I know very few people who want attention from strangers when they go out in public. Most of us want to be left alone while we go about our business. Online provides a forum for people to get the sort of attention we might like. "Look what I can do!" or "Look at me!" Still, one of my gripes about social media is that there are so many people who lurk. The lurkers are there to look at people attempting to get attention. The attention seekers are acting. They are on a stage. Nobody is confusing the act for the real person except the young and naive. The lurkers are the audience. Lurkers don't contribute anything (most won't hit the like button, much less comment, even if later the tell me "I loved your post"). The quiet ones are not "homeless."
Burning Man attempts to solve this with the no spectators rule:
“‘No Spectators’ is a long-standing saying on Playa. You are encouraged to fully participate. It’s all about being there, being fully present, and not just observing.
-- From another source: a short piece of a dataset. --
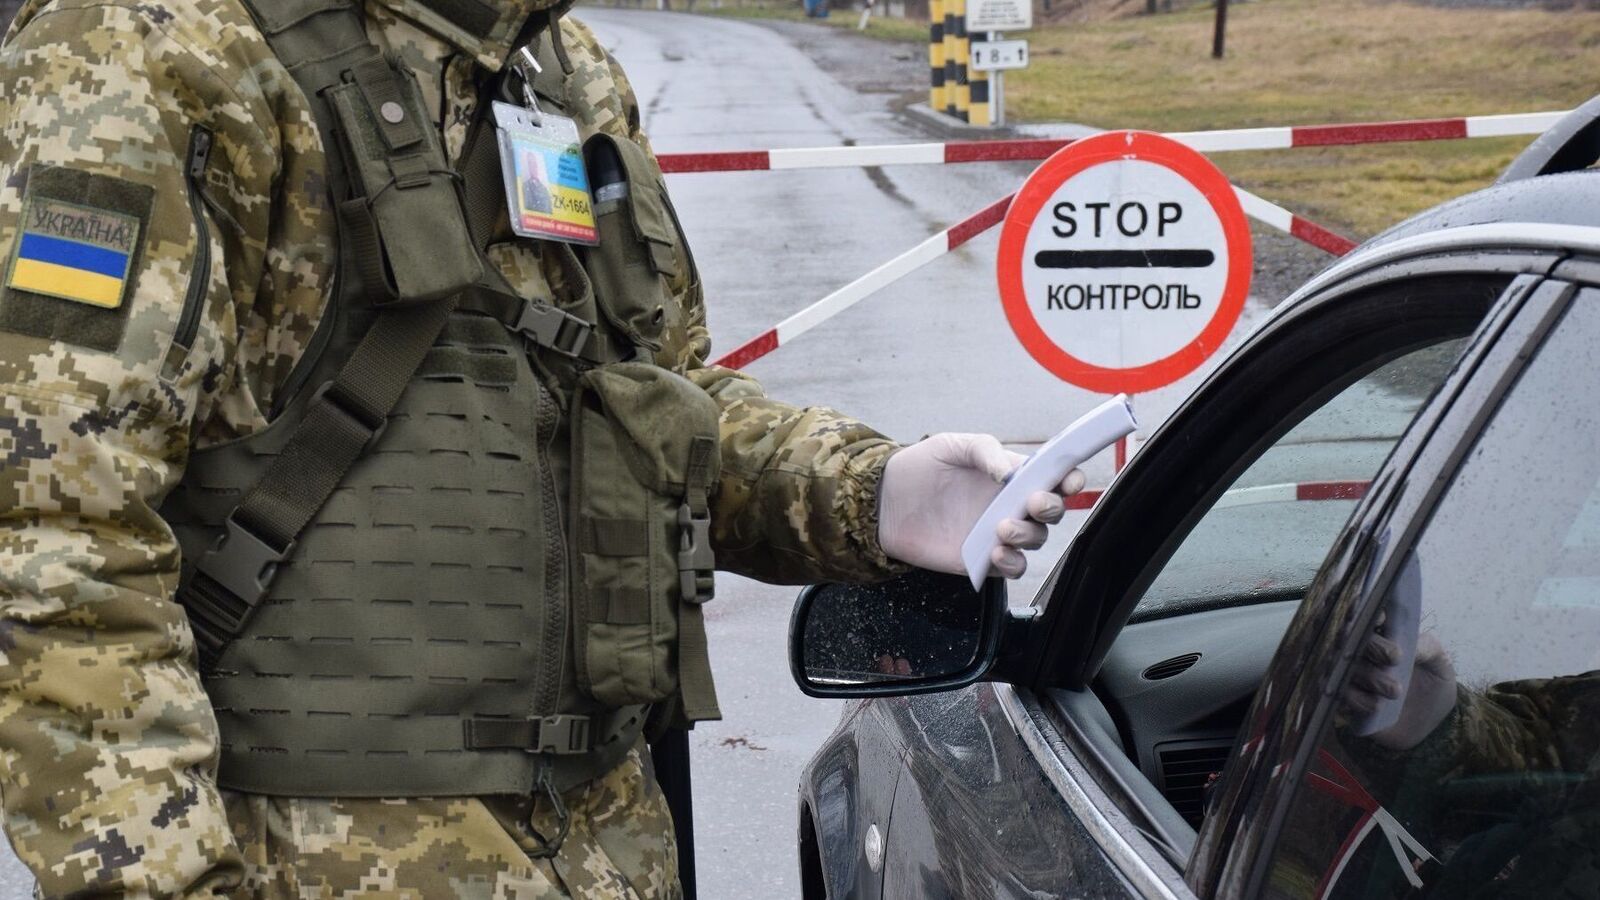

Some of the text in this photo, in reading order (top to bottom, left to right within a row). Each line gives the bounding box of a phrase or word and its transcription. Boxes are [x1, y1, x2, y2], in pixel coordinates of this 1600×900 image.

[553, 194, 590, 215] ZK-1664
[1052, 201, 1183, 238] STOP
[32, 206, 128, 247] УКРАЇНА
[1047, 284, 1201, 310] КОНТРОЛЬ
Two of the ten principles of Burning Man are radical participation and radical inclusivity, meaning that there are no outsiders. Everyone is part of the experience.”
– Nora Atkinson, The Fleur and Charles Bresler Curator-in-Charge, Renwick Gallery
Again, nobody is confusing the Burning Man persona with who they are back at the office after the event is over. People try things out, take mind altering drugs. Identity is fluid. Social media isn't bad because it is fake. Social media is good because it is fake.
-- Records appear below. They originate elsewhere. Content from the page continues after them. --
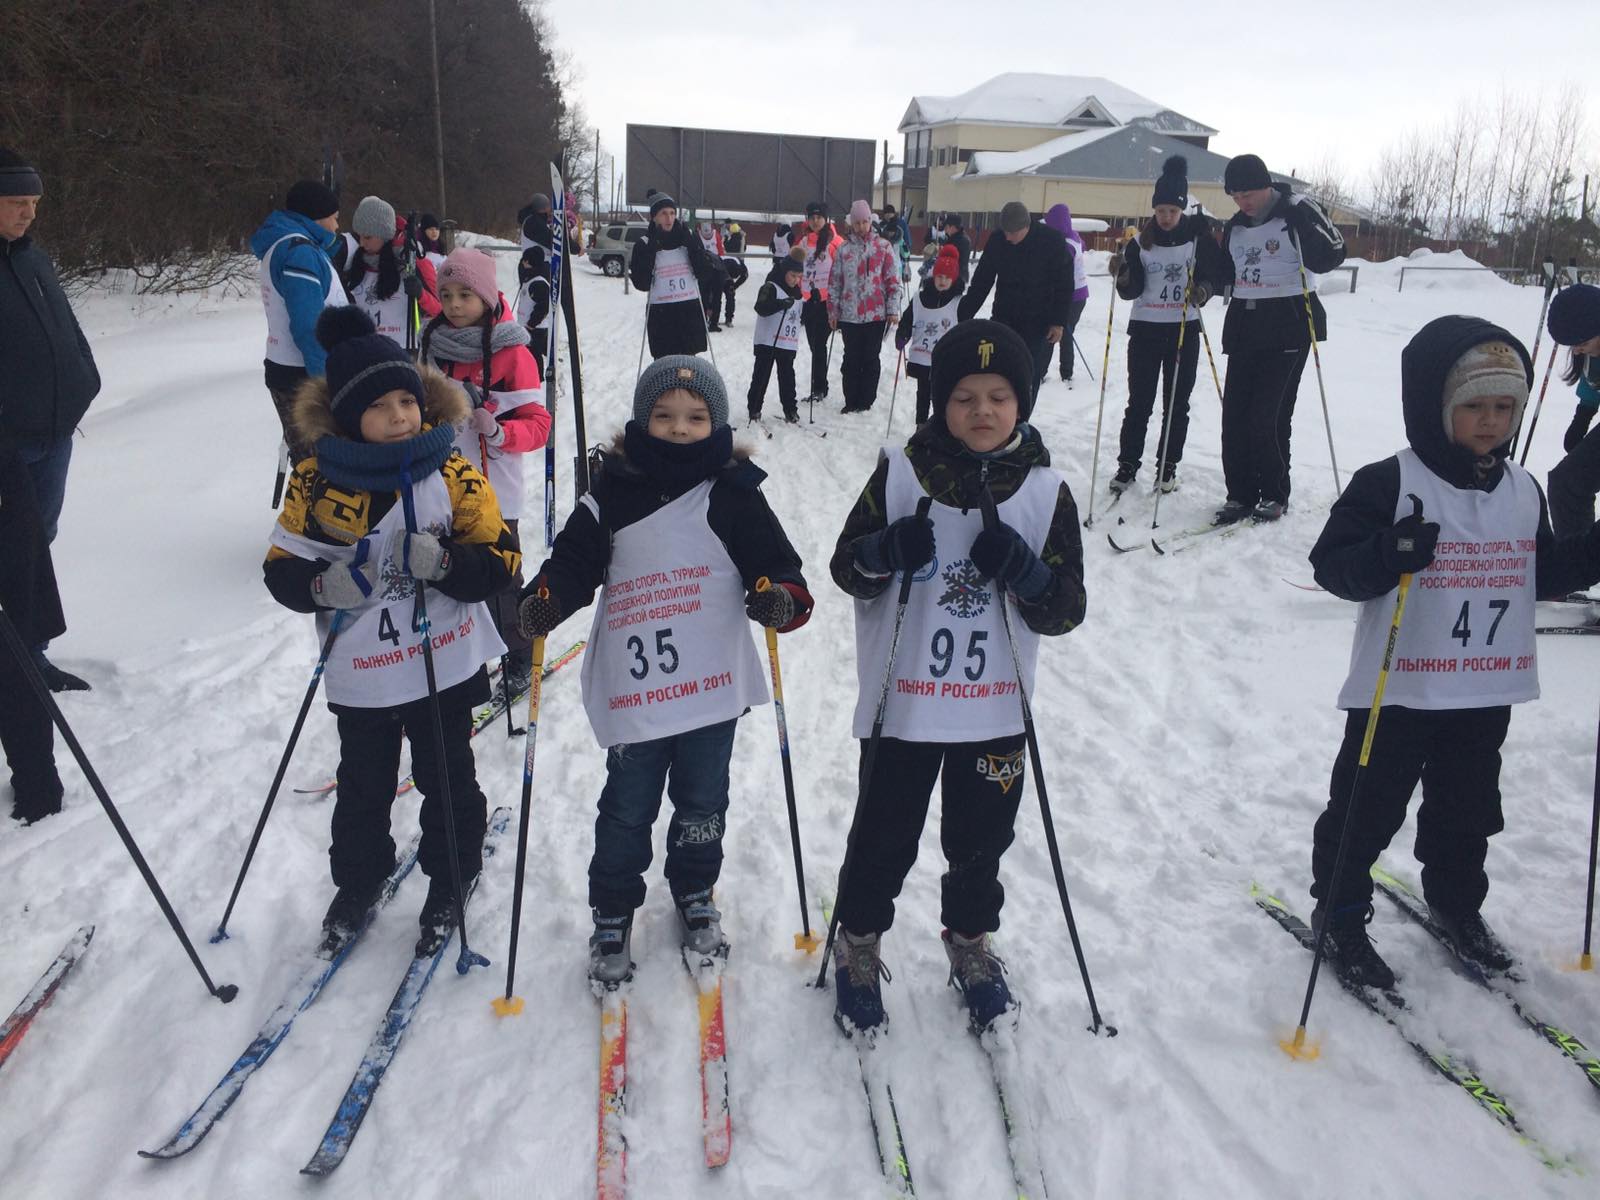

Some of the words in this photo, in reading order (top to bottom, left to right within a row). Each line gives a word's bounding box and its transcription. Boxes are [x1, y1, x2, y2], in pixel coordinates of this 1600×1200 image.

[552, 209, 562, 256] TISA
[669, 278, 686, 291] 50
[1241, 267, 1260, 284] 45
[1160, 285, 1181, 302] 46
[785, 325, 796, 337] 96
[1434, 542, 1480, 555] ТЕРСТВО
[636, 572, 672, 591] СПОРТА,
[671, 565, 713, 582] ТУРИЗМА
[1420, 574, 1486, 589] РОССИЙСКОЙ
[654, 582, 702, 604] ПОЛИТИКИ
[648, 599, 702, 620] ФЕДЕРАЦИИ
[944, 605, 987, 620] РОССИИ
[1451, 599, 1510, 648] 47
[352, 648, 405, 671] ЛЫЖНЯ
[407, 629, 456, 660] РОСИИ
[626, 627, 680, 681] 35
[929, 628, 989, 681] 95
[1394, 657, 1458, 673] ЛЫЖНЯ
[1462, 656, 1511, 673] РОССИИ
[608, 693, 643, 711] ЫЖНЯ
[646, 680, 699, 705] РОССИИ
[703, 671, 732, 692] 2011
[992, 681, 1017, 696] 2011
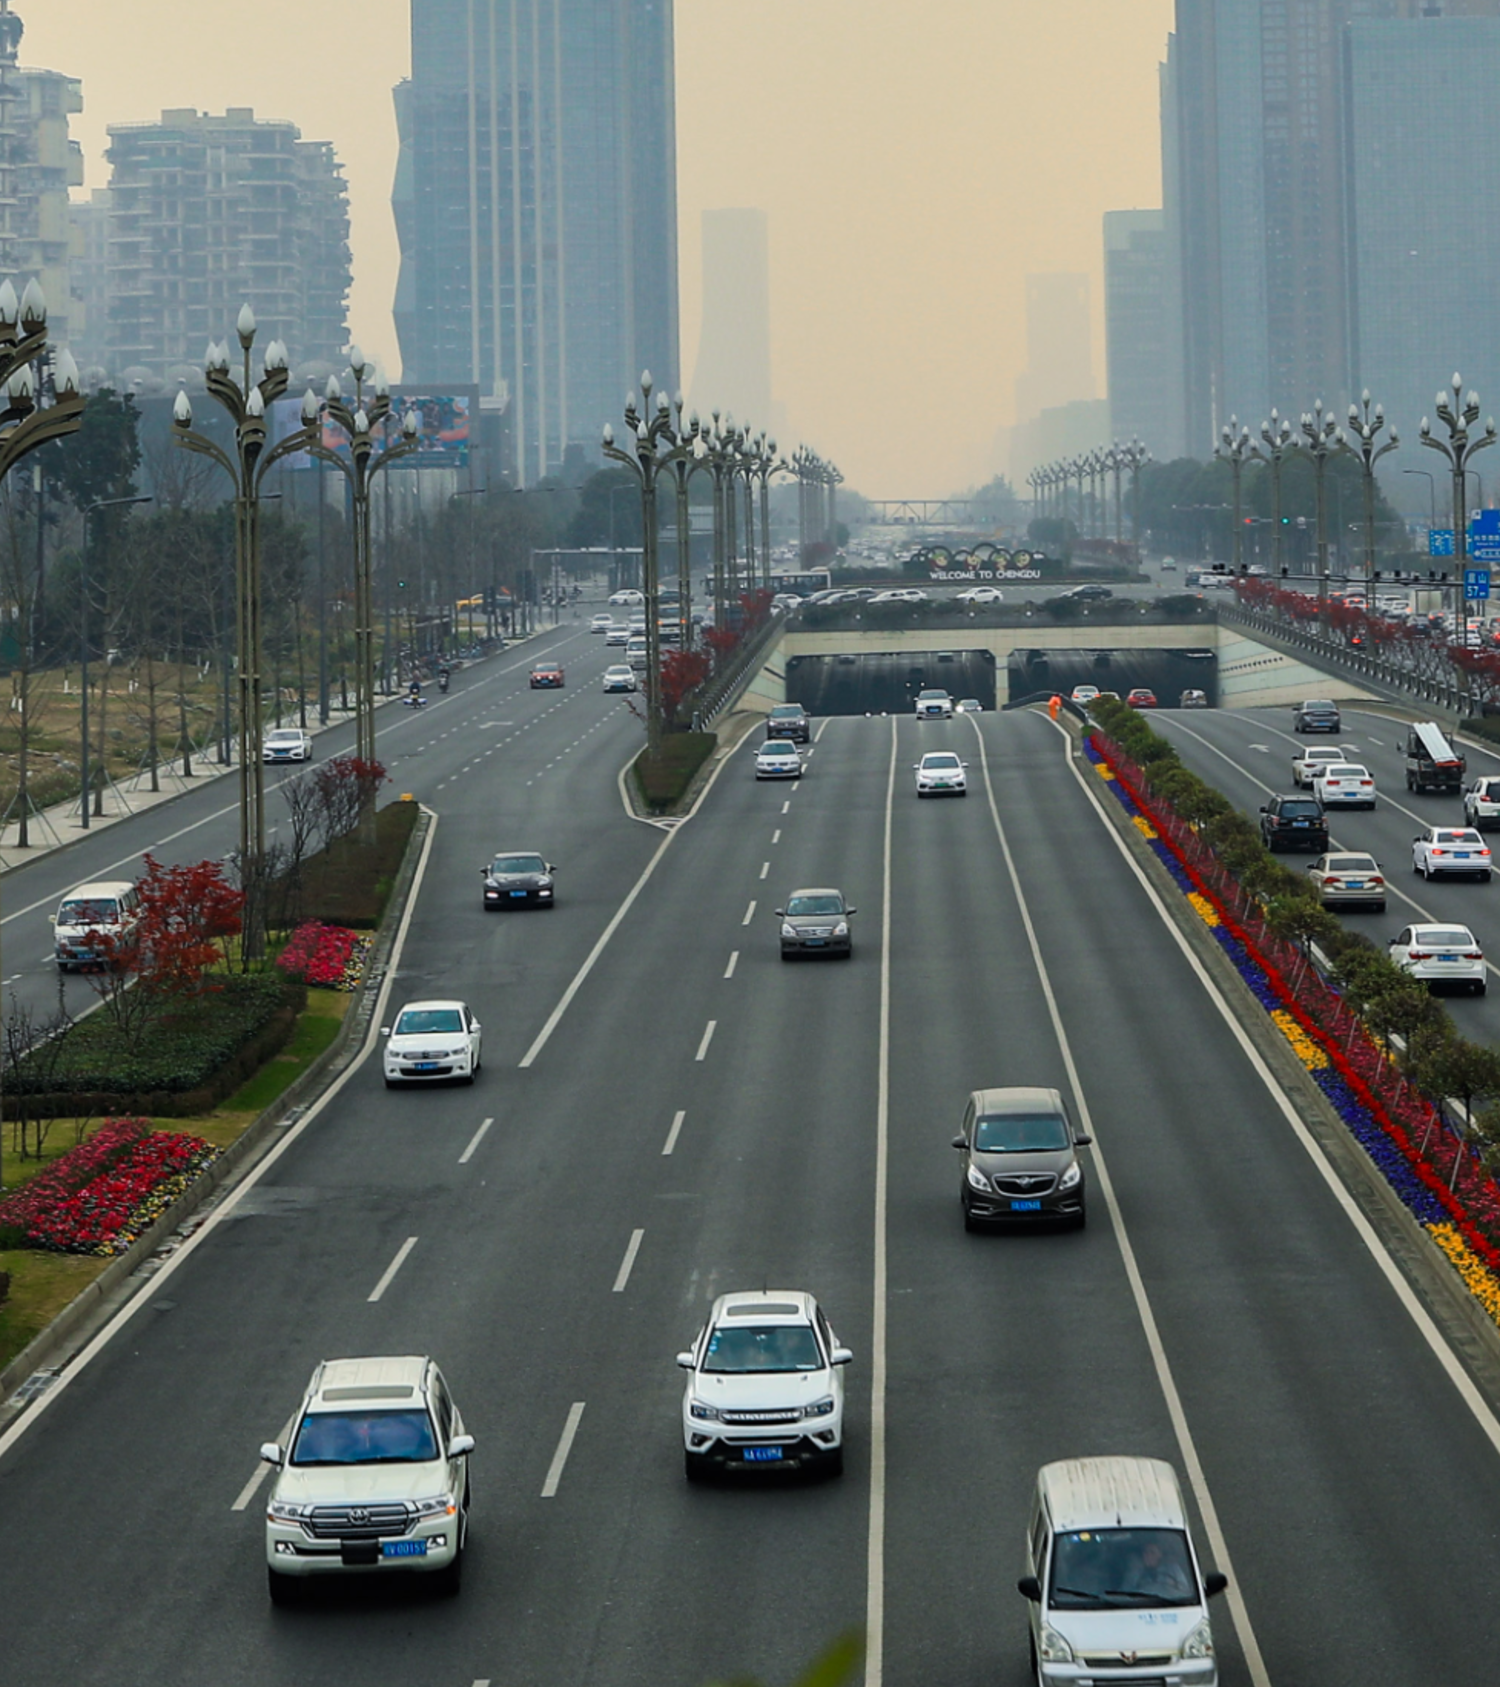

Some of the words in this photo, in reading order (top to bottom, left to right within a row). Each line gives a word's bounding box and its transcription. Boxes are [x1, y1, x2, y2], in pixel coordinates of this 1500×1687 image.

[929, 571, 975, 579] WELCOME
[979, 571, 992, 579] TO
[996, 570, 1041, 579] CHENGDU
"...we tend to see other people’s lives as works of art." Sometimes, but most people aren't that good at performance.
>Online provides a forum for people to get the sort of attention we might like. "Look what I can do!" or "Look at me!" Still, one of my gripes about social media is that there are so many people who lurk.
There's a lot to learn from lurking. My mother watches Tik Tok videos and doesn't post herself, but cooks more now than ever based on the ideas she sees on there. You can learn about a cultural trend, a social cause, a musician, a resource, etc. There are lurkers with agendas, sure, but many are just bored and don't take pictures of everything.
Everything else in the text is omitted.